Norme e fonti collegate
- Art. 3 c.p. — obbligatorietà della legge penale
- Art. 4 c.p. — cittadino e territorio dello Stato
- Art. 6 c.p. — reati commessi nel territorio dello Stato
- Art. 7 c.p. — reati commessi all’estero contro lo Stato italiano
- Art. 8 c.p. — delitto politico commesso all’estero
- Art. 9 c.p. — delitto comune del cittadino all’estero
- Art. 10 c.p. — delitto comune dello straniero all’estero
- Art. 11 c.p. — rinnovamento del giudizio
- Art. 12 c.p. — riconoscimento delle sentenze penali straniere
- D.Lgs. 22 settembre 2005, n. 69 — attuazione della decisione quadro 2002/584/GAI sul mandato d’arresto europeo (Normattiva)
- Legge 18 marzo 2008, n. 48 — ratifica della Convenzione del Consiglio d’Europa sulla criminalità informatica (Budapest, 23 novembre 2001)
- Convenzione di Schengen, art. 54 — ne bis in idem transnazionale
- Convenzione UNCLOS (Montego Bay, 10 dicembre 1982) — diritto del mare e giurisdizione di bandiera
Domande frequenti
1. Se un reato è iniziato all’estero e si è concluso in Italia, il giudice italiano è competente?
Sì. In forza della teoria dell’ubiquità codificata dall’art. 6, secondo comma, c.p., basta che in Italia si sia verificato anche solo l’evento del reato perché il fatto si consideri commesso nel territorio dello Stato. La giurisdizione italiana si afferma indipendentemente dal luogo della condotta materiale.

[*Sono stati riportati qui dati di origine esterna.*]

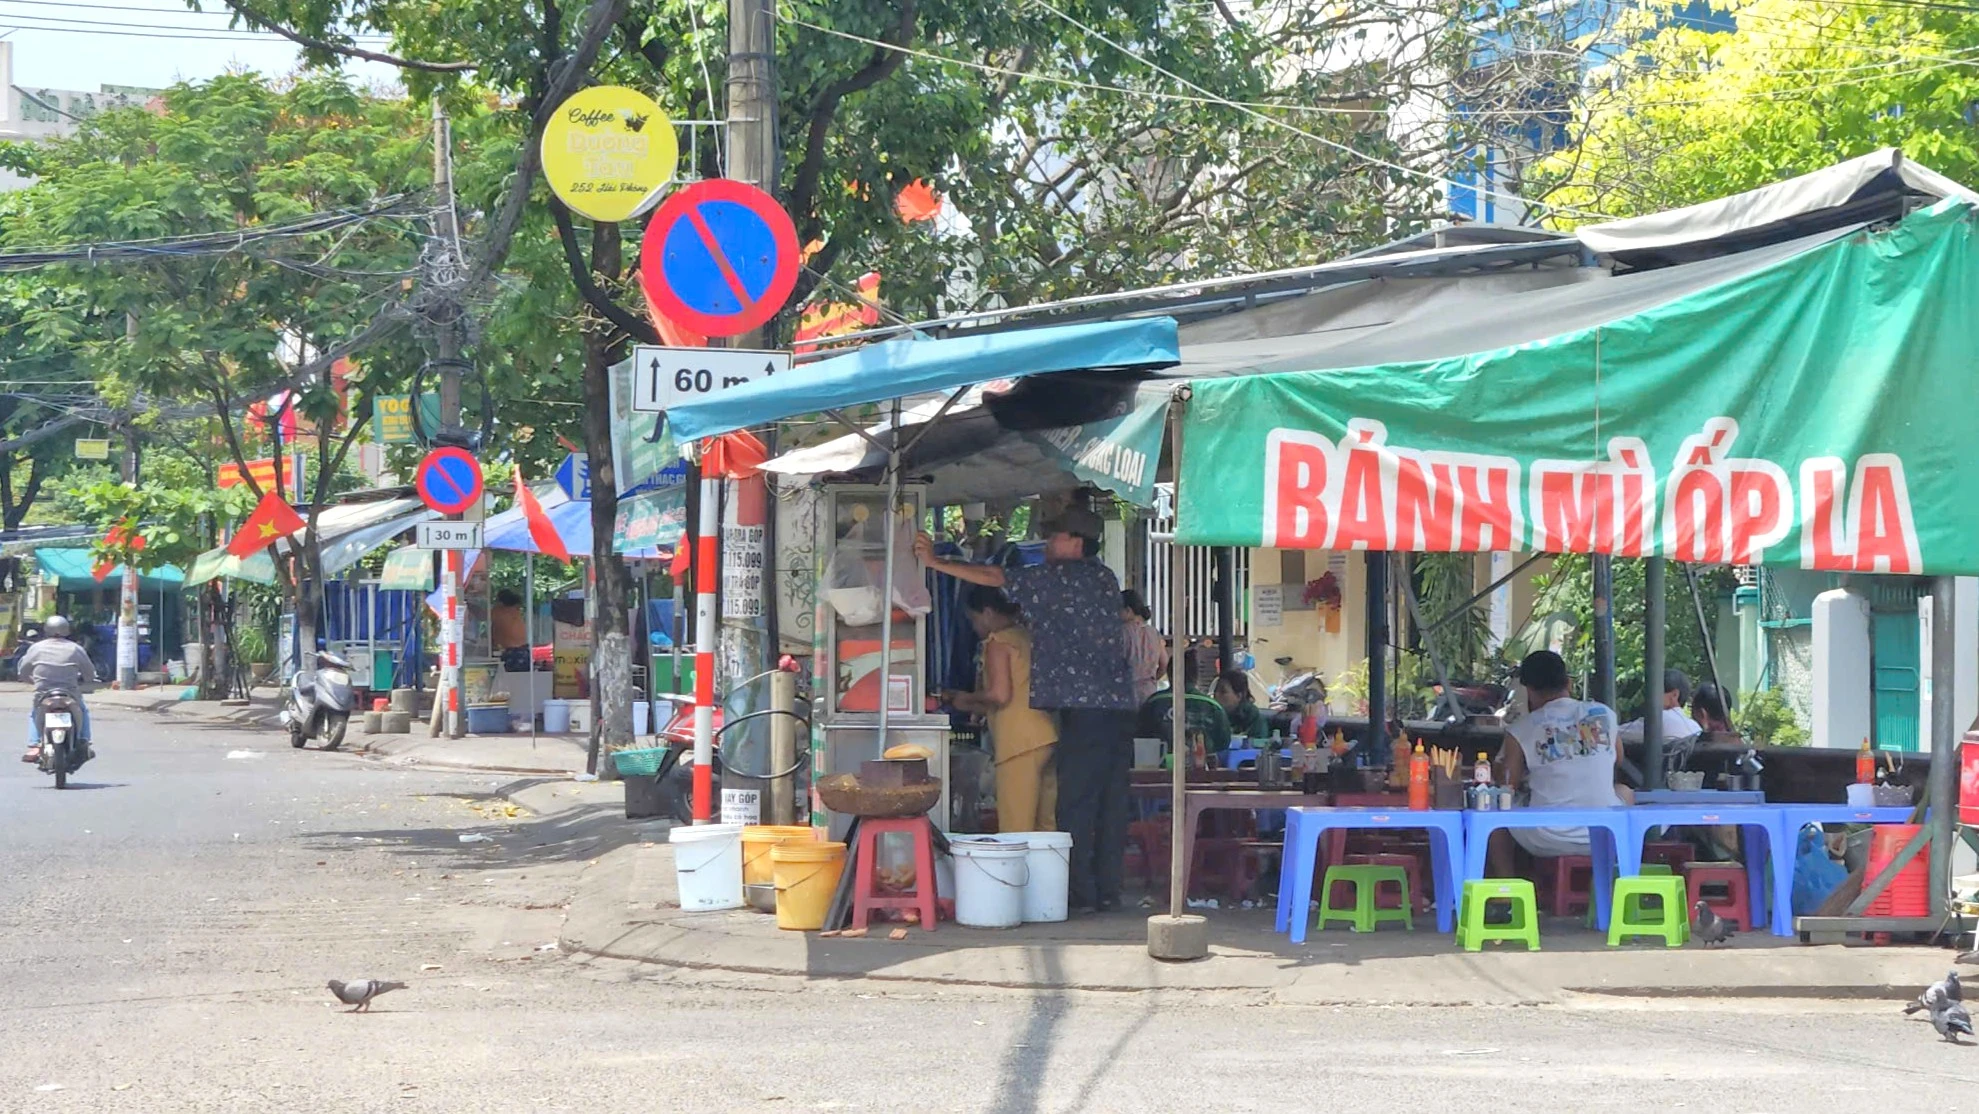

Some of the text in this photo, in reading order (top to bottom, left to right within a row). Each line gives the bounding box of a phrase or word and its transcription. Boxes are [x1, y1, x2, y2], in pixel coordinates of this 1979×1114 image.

[567, 107, 616, 127] Coffee
[570, 182, 594, 193] 252
[675, 368, 713, 393] 60
[1113, 445, 1146, 492] LOẠI
[1270, 424, 1914, 573] BÁNH MÌ ỐP LA
[435, 530, 468, 541] 30 m

2. La cittadinanza dell’autore rileva ai fini della giurisdizione?
No, non per i reati commessi in Italia. L’art. 6 c.p. si applica indistintamente a cittadini italiani e stranieri, in coerenza con l’art. 3 c.p. che vincola alla legge penale chiunque si trovi nel territorio dello Stato. La cittadinanza diventa rilevante per i reati commessi all’estero, disciplinati dagli artt. 7-10 c.p.
3. Un cybercrime con autore e server all’estero può essere processato in Italia?
Sì, quando in Italia si realizza l’evento del reato: ad esempio, la lesione patrimoniale di vittime italiane, la compromissione di sistemi informatici nazionali o la diffusione di contenuti illeciti a utenti residenti. Per la consegna dell’indagato si attivano il mandato d’arresto europeo (per Stati UE) o procedure di estradizione, supportate dalla Convenzione di Budapest sul cybercrime.
4. Cosa succede se un fatto è già stato giudicato in un altro Paese?
Per gli Stati dell’area Schengen, l’art. 54 della Convenzione impedisce un secondo processo sui medesimi fatti già oggetto di sentenza definitiva. L’art. 11 c.p. consente eccezionalmente il rinnovamento del giudizio per il cittadino giudicato all’estero su richiesta del Ministro della Giustizia.
5. I reati commessi su una nave italiana in acque internazionali ricadono sotto la legge italiana?
Sì. L’art. 4 c.p. equipara le navi e gli aeromobili battenti bandiera italiana al territorio dello Stato, salvo che siano soggetti a una legge territoriale straniera. Per le navi in alto mare opera la giurisdizione esclusiva dello Stato di bandiera prevista dalla Convenzione UNCLOS.